EXERCISE INSTRUCTIONS: The records below must be copied in full; omit the images.

TASK INPUTS section start

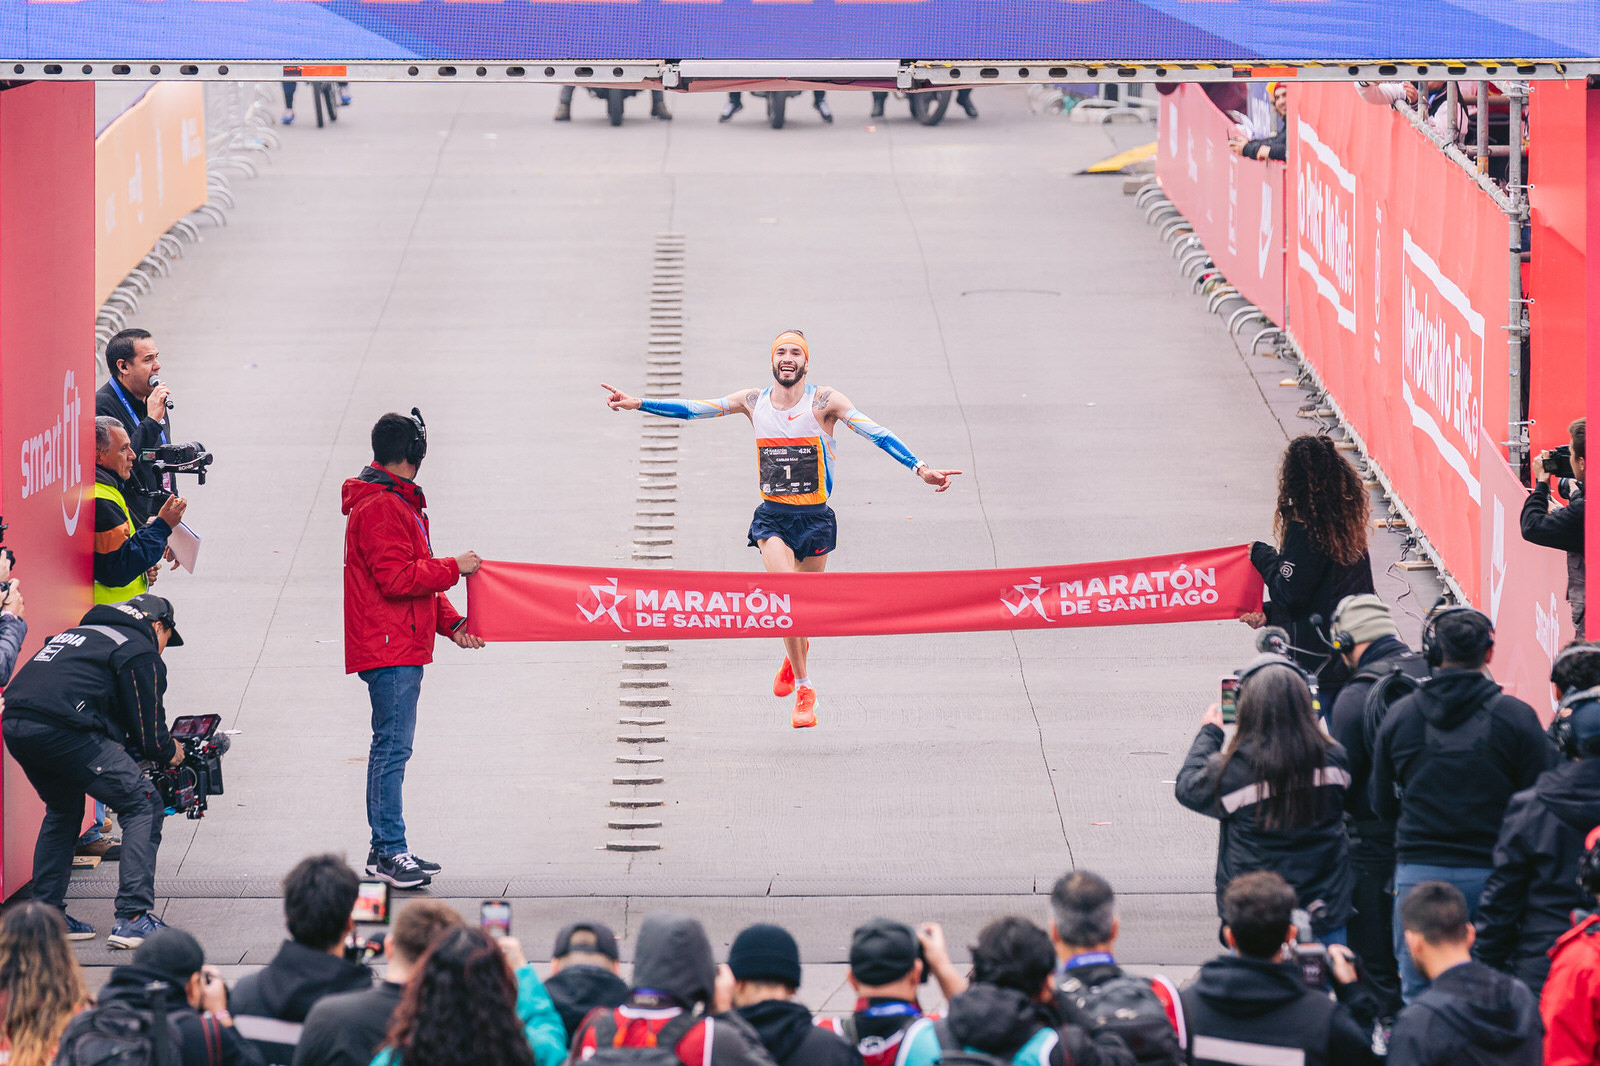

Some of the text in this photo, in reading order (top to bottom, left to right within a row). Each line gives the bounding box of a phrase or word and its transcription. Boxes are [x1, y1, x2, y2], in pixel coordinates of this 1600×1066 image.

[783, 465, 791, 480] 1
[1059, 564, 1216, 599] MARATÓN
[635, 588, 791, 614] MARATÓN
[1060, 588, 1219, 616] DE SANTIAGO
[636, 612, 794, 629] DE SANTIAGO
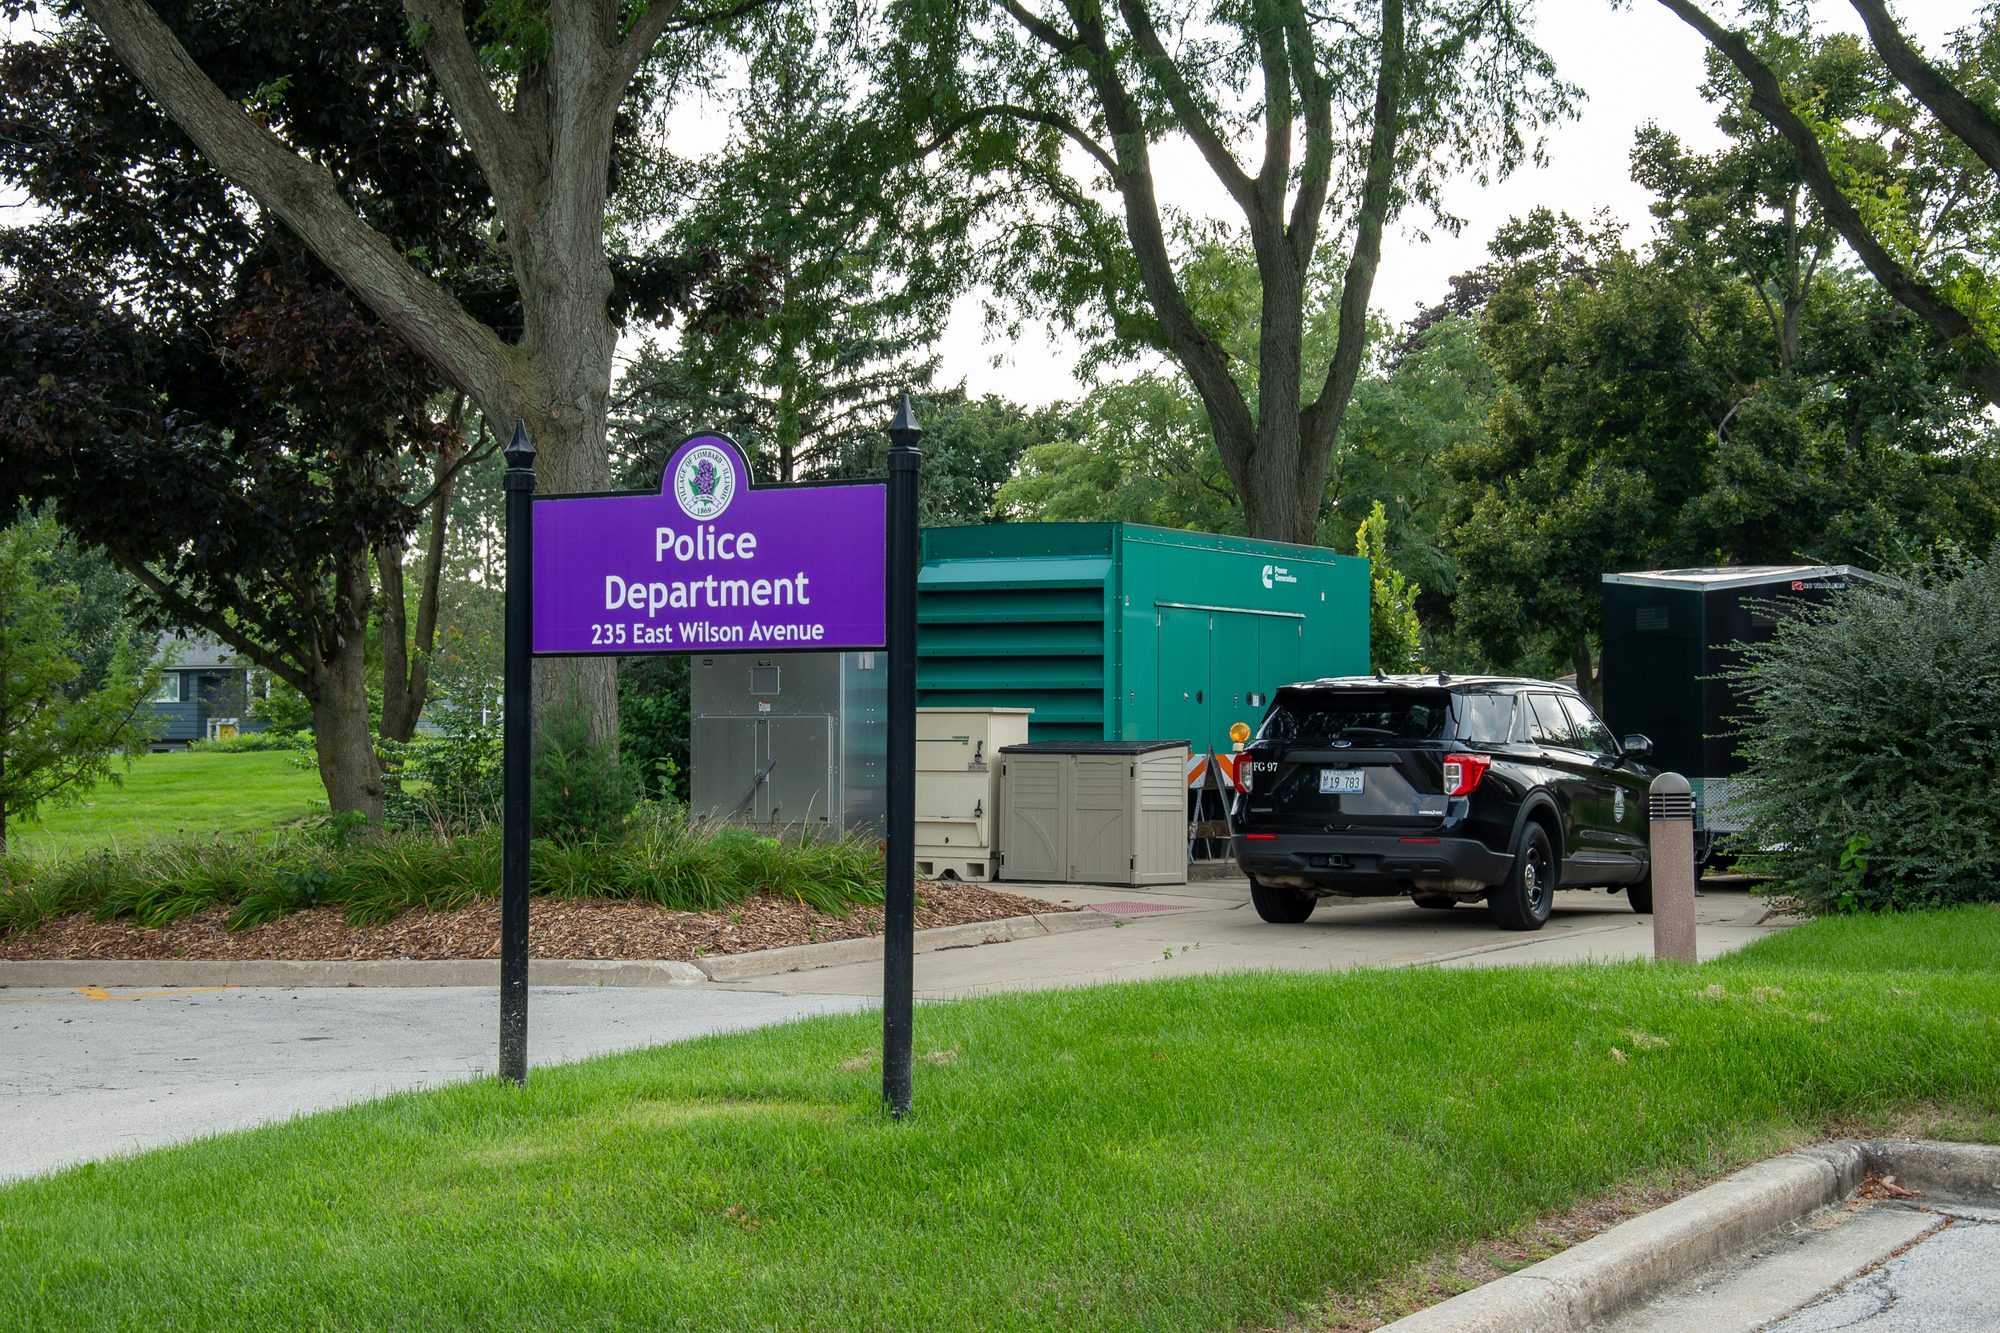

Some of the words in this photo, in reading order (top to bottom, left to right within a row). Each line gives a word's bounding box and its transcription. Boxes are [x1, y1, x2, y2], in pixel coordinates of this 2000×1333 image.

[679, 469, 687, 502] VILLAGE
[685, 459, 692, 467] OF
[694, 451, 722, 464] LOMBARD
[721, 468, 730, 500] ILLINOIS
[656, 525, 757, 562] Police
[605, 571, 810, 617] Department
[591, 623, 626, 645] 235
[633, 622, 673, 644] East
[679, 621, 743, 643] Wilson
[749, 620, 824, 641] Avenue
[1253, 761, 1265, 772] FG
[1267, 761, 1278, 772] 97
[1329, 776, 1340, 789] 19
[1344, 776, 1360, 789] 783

TASK INPUTS section end

RESPONSE:
Some of the text in this photo, in reading order (top to bottom, left to right within a row). Each line gives the bounding box of a phrase or word and its transcription. Boxes are [x1, y1, x2, y2], in pixel coordinates of this 1600×1066 image.

[783, 465, 791, 480] 1
[1059, 564, 1216, 599] MARATÓN
[635, 588, 791, 614] MARATÓN
[1060, 588, 1219, 616] DE SANTIAGO
[636, 612, 794, 629] DE SANTIAGO

Some of the words in this photo, in reading order (top to bottom, left to right within a row). Each line gives a word's bounding box and its transcription. Boxes are [x1, y1, x2, y2], in pixel coordinates of this 2000×1333 image.

[679, 469, 687, 502] VILLAGE
[685, 459, 692, 467] OF
[694, 451, 722, 464] LOMBARD
[721, 468, 730, 500] ILLINOIS
[656, 525, 757, 562] Police
[605, 571, 810, 617] Department
[591, 623, 626, 645] 235
[633, 622, 673, 644] East
[679, 621, 743, 643] Wilson
[749, 620, 824, 641] Avenue
[1253, 761, 1265, 772] FG
[1267, 761, 1278, 772] 97
[1329, 776, 1340, 789] 19
[1344, 776, 1360, 789] 783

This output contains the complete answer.